À l’origine de ce mouvement de l’automne 1902, une grève des tramelots pour de meilleurs salaires avait éclaté fin août parce que Bradford, l’administrateur américain de la Compagnie des tramways, avait cru bon de licencier 44 travailleurs chevronnés  après avoir été mis devant l’obligation d’appliquer un arbitrage de l’État sur les salaires. Par ce geste provocateur, il pouvait donc engager de jeunes employés avec des salaires plus bas. Et sans doute aussi casser l’unité et la masse de tous ceux qui lui avaient réclamé des salaires plus décents. Finalement, après deux mouvements de grève des tramelots, c’est la classe ouvrière genevoise tout entière qui se mobilise massivement avec eux en lançant une grève générale de solidarité. C’est ainsi que 15’000 grévistes affrontent 2’500 soldats dans une atmosphère de grande violence et d’intimidation.

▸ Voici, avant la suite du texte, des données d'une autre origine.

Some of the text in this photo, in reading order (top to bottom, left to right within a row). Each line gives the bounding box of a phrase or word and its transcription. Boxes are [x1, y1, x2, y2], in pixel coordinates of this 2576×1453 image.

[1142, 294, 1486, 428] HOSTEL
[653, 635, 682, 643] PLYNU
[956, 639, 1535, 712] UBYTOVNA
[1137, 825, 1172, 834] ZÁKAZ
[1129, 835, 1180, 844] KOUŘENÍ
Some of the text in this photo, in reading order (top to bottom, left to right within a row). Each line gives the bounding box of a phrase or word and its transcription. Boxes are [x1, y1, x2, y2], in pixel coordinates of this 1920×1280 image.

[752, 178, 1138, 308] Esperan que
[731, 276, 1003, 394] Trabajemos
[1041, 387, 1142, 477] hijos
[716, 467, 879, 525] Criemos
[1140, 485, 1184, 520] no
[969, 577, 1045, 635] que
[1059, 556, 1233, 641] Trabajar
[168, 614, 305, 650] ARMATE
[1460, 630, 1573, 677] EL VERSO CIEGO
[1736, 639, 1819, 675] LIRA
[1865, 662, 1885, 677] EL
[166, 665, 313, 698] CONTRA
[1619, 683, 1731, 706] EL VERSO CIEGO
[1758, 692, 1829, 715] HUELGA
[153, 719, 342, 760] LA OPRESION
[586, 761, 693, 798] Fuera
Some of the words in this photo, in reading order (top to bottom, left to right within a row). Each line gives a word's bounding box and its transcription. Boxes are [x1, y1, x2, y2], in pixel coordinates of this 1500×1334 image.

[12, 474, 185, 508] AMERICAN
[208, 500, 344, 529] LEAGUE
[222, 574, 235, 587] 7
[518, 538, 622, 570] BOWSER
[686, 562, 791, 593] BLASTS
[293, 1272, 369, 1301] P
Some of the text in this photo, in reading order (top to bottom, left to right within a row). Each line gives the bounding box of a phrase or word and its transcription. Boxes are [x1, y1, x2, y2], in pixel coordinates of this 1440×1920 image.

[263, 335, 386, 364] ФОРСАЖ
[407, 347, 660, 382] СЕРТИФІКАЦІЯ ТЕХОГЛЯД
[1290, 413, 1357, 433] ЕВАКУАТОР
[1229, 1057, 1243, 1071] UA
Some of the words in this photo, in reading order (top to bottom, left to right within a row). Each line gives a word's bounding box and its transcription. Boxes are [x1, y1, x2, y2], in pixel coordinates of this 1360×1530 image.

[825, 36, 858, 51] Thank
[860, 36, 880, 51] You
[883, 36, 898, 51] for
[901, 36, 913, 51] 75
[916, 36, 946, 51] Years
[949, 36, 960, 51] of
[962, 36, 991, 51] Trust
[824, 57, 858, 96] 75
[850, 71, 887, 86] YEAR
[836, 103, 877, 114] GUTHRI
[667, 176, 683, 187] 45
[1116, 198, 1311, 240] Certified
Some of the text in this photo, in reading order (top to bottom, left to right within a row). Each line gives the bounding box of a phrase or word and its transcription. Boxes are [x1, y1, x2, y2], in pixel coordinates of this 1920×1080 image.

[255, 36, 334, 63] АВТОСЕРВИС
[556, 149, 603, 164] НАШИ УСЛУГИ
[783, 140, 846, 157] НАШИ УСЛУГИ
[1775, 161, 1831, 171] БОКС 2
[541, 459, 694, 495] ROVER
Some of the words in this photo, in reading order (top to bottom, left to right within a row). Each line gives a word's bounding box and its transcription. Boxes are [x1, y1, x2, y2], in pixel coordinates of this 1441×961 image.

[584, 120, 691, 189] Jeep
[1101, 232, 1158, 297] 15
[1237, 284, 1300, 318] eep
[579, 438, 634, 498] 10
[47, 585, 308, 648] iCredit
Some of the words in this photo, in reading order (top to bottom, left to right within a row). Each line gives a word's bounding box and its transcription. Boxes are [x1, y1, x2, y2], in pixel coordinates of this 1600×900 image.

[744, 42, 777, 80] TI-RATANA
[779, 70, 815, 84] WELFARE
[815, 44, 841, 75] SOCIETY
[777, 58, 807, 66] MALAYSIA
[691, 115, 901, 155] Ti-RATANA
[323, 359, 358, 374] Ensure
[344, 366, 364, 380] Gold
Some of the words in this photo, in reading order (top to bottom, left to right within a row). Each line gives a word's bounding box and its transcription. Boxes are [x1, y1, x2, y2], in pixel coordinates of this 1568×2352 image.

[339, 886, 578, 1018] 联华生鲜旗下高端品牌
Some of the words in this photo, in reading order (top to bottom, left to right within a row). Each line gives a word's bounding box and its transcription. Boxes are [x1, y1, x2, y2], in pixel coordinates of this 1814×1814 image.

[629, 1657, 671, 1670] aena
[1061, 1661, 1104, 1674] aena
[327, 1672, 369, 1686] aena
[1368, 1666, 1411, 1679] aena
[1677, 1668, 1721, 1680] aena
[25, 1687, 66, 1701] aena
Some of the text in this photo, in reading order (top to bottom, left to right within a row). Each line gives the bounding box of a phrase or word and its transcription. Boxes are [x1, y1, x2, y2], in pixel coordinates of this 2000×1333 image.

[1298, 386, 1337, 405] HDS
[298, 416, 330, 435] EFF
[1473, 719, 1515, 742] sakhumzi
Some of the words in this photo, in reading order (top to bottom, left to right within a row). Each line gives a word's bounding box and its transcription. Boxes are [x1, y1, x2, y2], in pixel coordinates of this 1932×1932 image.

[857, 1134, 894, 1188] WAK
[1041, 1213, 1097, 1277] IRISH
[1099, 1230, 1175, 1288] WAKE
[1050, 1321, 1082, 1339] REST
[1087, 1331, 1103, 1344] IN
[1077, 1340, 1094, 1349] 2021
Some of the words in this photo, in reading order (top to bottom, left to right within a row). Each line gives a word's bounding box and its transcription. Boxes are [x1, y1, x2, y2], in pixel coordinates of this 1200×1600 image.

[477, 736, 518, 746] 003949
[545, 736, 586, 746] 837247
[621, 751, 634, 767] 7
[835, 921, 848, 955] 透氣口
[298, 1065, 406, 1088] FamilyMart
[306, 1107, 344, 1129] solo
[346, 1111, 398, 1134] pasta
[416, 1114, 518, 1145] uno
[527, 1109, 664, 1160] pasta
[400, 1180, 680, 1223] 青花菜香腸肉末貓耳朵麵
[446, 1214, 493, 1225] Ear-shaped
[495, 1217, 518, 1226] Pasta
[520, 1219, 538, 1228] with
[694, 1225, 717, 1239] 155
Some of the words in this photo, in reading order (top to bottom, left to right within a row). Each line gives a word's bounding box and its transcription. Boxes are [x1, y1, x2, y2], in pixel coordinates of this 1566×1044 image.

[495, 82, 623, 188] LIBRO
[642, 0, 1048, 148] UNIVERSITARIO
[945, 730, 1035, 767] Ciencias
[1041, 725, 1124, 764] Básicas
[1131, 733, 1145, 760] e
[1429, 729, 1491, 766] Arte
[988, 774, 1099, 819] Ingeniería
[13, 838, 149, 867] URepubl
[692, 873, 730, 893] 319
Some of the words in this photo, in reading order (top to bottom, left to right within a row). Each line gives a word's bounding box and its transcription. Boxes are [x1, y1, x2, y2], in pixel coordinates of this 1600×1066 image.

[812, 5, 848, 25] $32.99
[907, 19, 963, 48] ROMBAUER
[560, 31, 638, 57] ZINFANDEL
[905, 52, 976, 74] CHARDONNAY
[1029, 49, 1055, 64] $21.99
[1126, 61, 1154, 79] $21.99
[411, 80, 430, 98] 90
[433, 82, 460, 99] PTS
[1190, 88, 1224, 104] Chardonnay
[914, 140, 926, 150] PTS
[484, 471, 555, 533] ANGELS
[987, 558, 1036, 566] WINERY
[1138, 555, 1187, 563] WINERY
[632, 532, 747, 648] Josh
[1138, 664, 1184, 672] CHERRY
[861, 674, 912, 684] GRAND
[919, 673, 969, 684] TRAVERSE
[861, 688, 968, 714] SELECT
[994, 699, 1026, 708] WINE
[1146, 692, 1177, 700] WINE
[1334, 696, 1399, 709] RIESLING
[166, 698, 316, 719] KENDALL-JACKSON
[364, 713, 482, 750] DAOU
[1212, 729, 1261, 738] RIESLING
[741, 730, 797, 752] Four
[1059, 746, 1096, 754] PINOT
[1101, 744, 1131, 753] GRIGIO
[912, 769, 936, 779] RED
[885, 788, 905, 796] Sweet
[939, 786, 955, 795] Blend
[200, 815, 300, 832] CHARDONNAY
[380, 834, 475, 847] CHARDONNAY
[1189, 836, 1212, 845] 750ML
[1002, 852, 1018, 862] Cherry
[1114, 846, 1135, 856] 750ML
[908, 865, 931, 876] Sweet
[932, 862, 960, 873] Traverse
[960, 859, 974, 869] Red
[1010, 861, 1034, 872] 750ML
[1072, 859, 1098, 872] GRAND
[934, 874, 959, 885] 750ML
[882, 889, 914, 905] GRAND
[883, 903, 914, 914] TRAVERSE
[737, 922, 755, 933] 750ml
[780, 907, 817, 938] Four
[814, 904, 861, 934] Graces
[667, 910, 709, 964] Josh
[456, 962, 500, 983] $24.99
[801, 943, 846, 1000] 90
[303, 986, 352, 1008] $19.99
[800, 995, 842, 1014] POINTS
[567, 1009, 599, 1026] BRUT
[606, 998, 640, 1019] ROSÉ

Des soldats à cheval chargent sabre au poing les attroupements de grévistes et d’employés de la CGTE et l’on frôle véritablement la catastrophe.


Sur le plan politique, la gauche était représentée au Grand Conseil, depuis 1892, date de l’introduction du scrutin proportionnel cantonal, par le Parti ouvrier-socialiste. Elle avait même réussi à faire élire un conseiller d’État, Fritz Thiébaud, sur une liste radicale puisque ce scrutin était majoritaire. Les syndicats étaient majoritairement organisés par chambres de métiers au sein de la Fédération des Sociétés ouvrières. Ils se battaient pour de meilleurs tarifs, c’est-à-dire de meilleurs salaires-horaire, mais ils s’étaient violemment opposés au conseiller d’État Thiébaud à propos d’une loi sur les conflits collectifs qui avait justement produit l’arbitrage susmentionné. En effet, ils défendaient plus volontiers le principe de l’action directe et le recours à la grève dans une perspective révolutionnaire. Ajoutons que leur faible sensibilité à la nécessité du travail parlementaire découlait aussi du fait qu’ils regroupaient en grand nombre des ouvriers étrangers, français ou italiens pour la plupart, qui n’étaient absolument pas intégrés dans la société suisse et son système politique. Cela dit, la loi sur les conflits collectifs a aussi provoqué des remous, et une petite et éphémère scission « socialiste-démocrate », au sein même des socialistes.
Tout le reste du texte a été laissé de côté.